I asked him a question based on the culture at Amazon, and after answering it, he wished me luck on the following round, and the interview ended. After this round, I felt much more confident, and the second round was scheduled just 1 hour later.
Round 3(Online Round 2): Amazon Chime – 45 mins
- Given a complex string with characters going up and down, what must be done to print it. For this, I decided to use a char matrix and figured out the standard pattern of the up and down traversals. I coded it up quickly as I talked through the logic and wrote the complexities within 10 minutes.
This problem needed recursion, and I was able to code it up and tell the complexities pretty quickly.
Since I had completed both questions quickly, she spent the rest of the time asking about various sorting algorithms and their tradeoffs. She then asked me about my favorite data structure (Queue), and we had a long discussion on it. After this, I asked her a few questions, and we had a small discussion on the 14 Principles of Amazon. The interview ended on a good note.

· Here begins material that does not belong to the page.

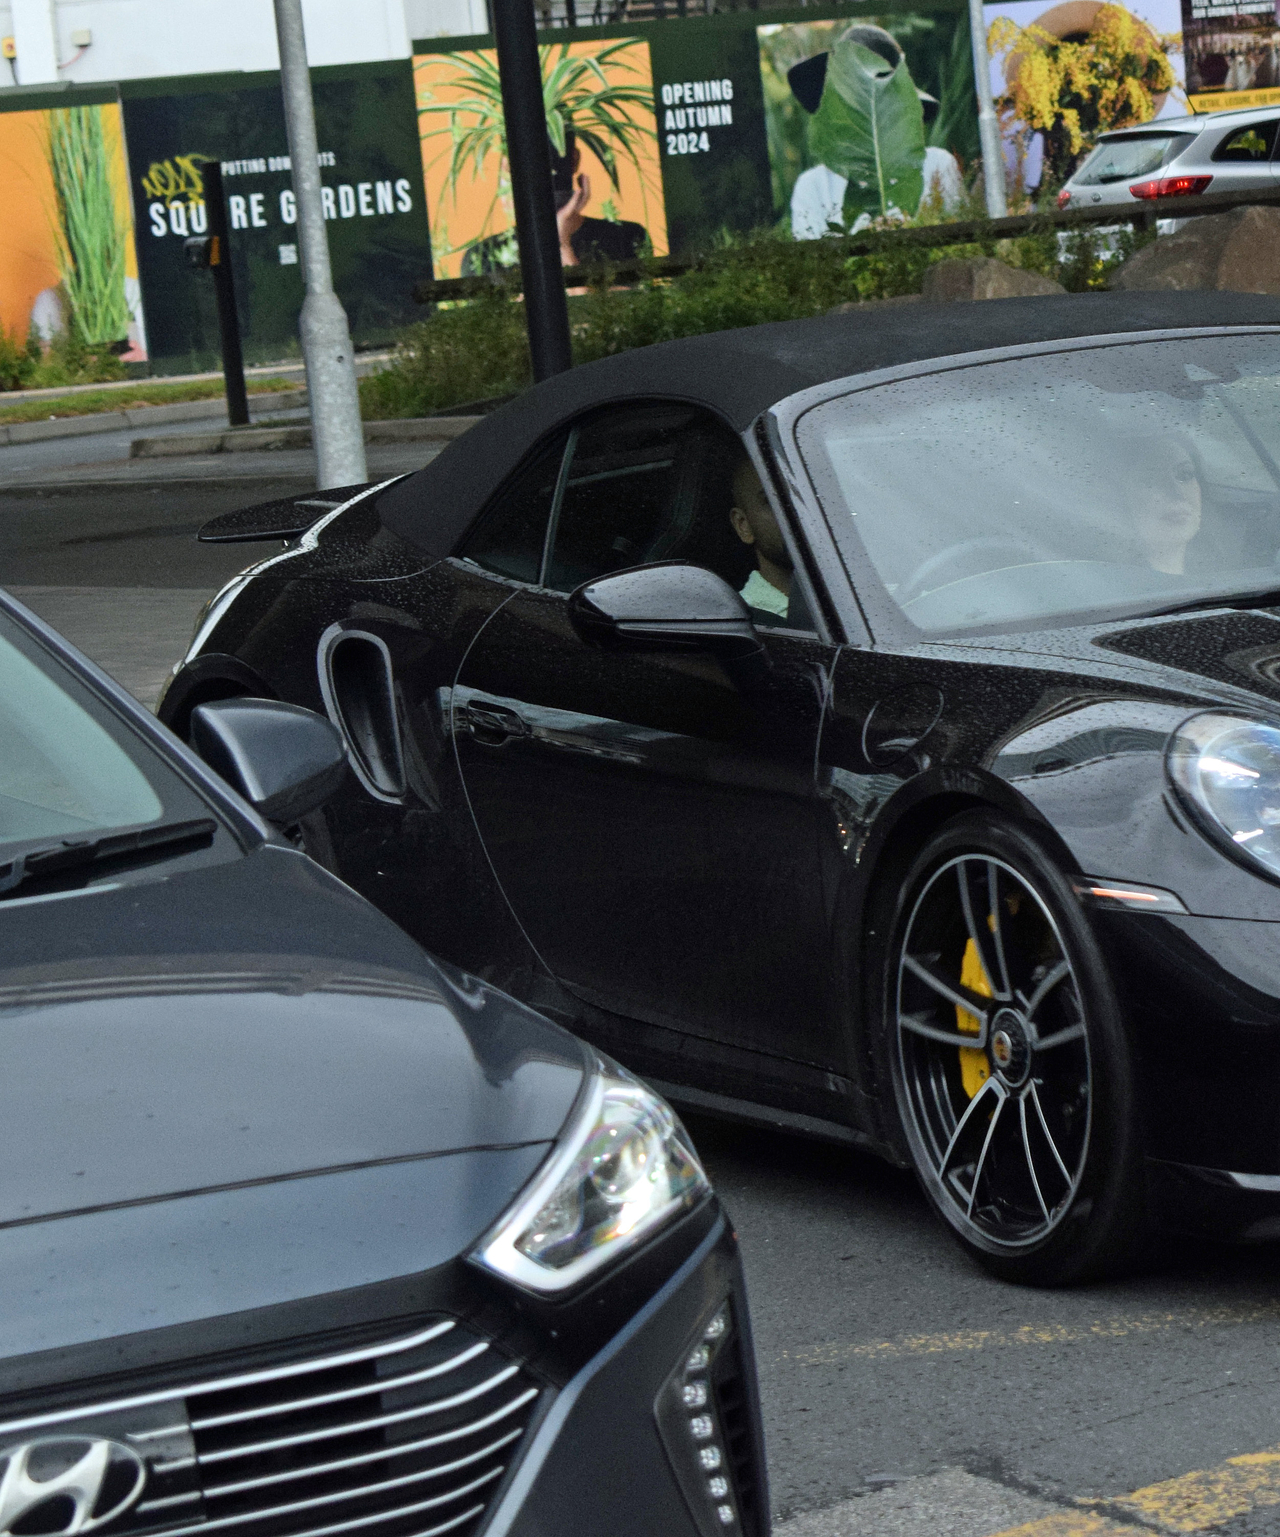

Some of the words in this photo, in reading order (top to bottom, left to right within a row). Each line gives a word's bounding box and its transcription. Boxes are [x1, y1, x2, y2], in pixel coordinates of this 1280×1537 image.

I was expecting the 3rd round, but thankfully they had decided my candidature with two rounds.
Only 8 out of the final 40 were selected for the internship, and gratefully I was one among them.
- Be very strong with your DSA. I had solved around 400 questions in the past year, and 50 questions in the last one week before the interviews.
- You have to solve both questions given in every interview and have enough time to answer follow-up questions as well
- Maintain an aura of calm before your interviews. It can help your mind to think clearly and form connections with your previously solved problems.
- Always keep the interviewer in the loop with your thoughts. Never stay silent. Only then can they help you if you lose track of the problem
- Emphasize clean, modular code with comments. This demonstrates your ability as an engineer. Use appropriately named functions and variables.
- As you code up, think about the edge cases. It will help avoid unexpected issues later on.
- Know your projects, resume, and past experiences. Be ready to tell them in detail about everything.
- Practise DSA with a coding buddy (pair programming). It helps you build the practice of explaining your code, and is a win-win situation.
- If you are preparing for Amazon, the 14 Leadership Principles are a must.
That will be all. Amazon is not difficult if you are confident in your DSA and development skills. All the Best!